- North San Ysidro Location within New Mexico
- Coordinates: 35°28′29″N 105°33′58″W﻿ / ﻿35.47472°N 105.56611°W
- Country: United States
- State: New Mexico
- County: San Miguel

Area
- • Total: 2.30 sq mi (5.95 km^{2})
- • Land: 2.30 sq mi (5.95 km^{2})
- • Water: 0 sq mi (0.00 km^{2})
- Elevation: 6,844 ft (2,086 m)

Population (2020)
- • Total: 125
- • Density: 54/sq mi (21/km^{2})
- Time zone: UTC-7 (Mountain (MST))
- • Summer (DST): UTC-6 (MDT)
- Area code: 505
- GNIS feature ID: 2584167

= North San Ysidro, New Mexico =

North San Ysidro is an unincorporated community and census-designated place in San Miguel County, New Mexico, United States.
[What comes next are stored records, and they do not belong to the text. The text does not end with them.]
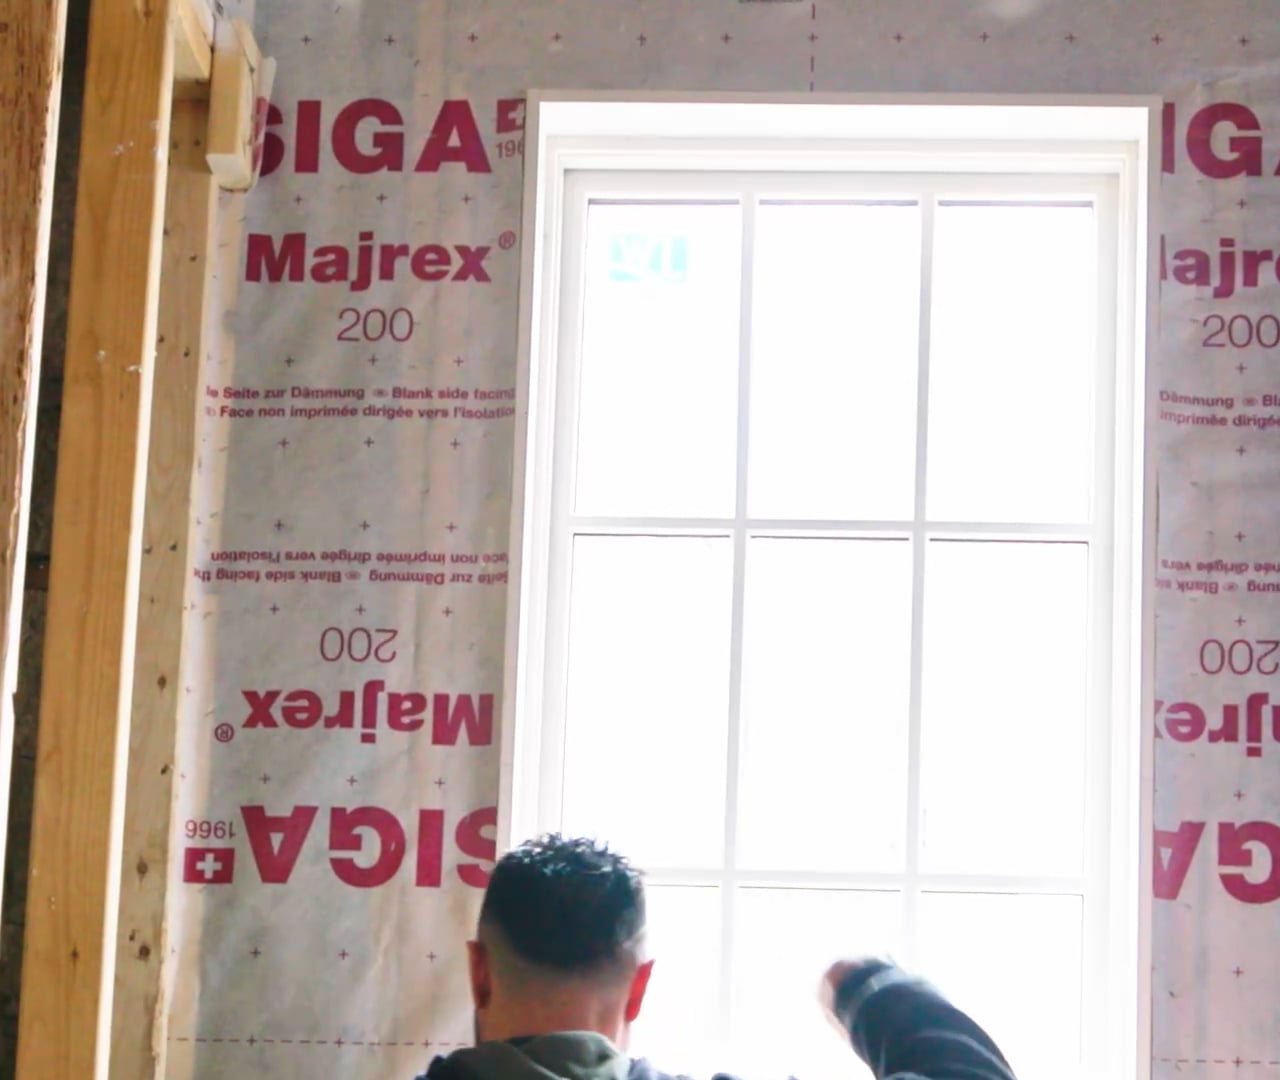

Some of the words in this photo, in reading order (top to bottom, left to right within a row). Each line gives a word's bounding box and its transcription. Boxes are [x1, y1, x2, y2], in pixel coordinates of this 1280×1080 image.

[337, 308, 414, 342] 200
[222, 387, 260, 399] Seite
[263, 389, 286, 399] zur
[290, 386, 365, 401] Dämmung
[391, 387, 433, 400] Blank
[437, 387, 469, 400] side
[219, 406, 255, 418] Face
[258, 408, 286, 418] non
[417, 407, 450, 419] vers
[285, 552, 317, 563] vers
[450, 554, 479, 564] non
[215, 569, 260, 583] facing
[265, 570, 300, 582] side
[303, 570, 342, 583] Blank
[368, 570, 445, 586] Dämmung
[449, 573, 473, 583] zur
[320, 627, 398, 663] 200
[1199, 638, 1280, 676] 200
[185, 819, 236, 840] 1966
As of the 2020 census, North San Ysidro had a population of 125.
==Geography==

According to the U.S. Census Bureau, the community has an area of 2.298 mi2, all land.

==Demographics==

Historical population
| Census | Pop. | Note | %± |
| 2020 | 125 |  | — |
U.S. Decennial Census

==Education==
It is within Pecos Independent Schools.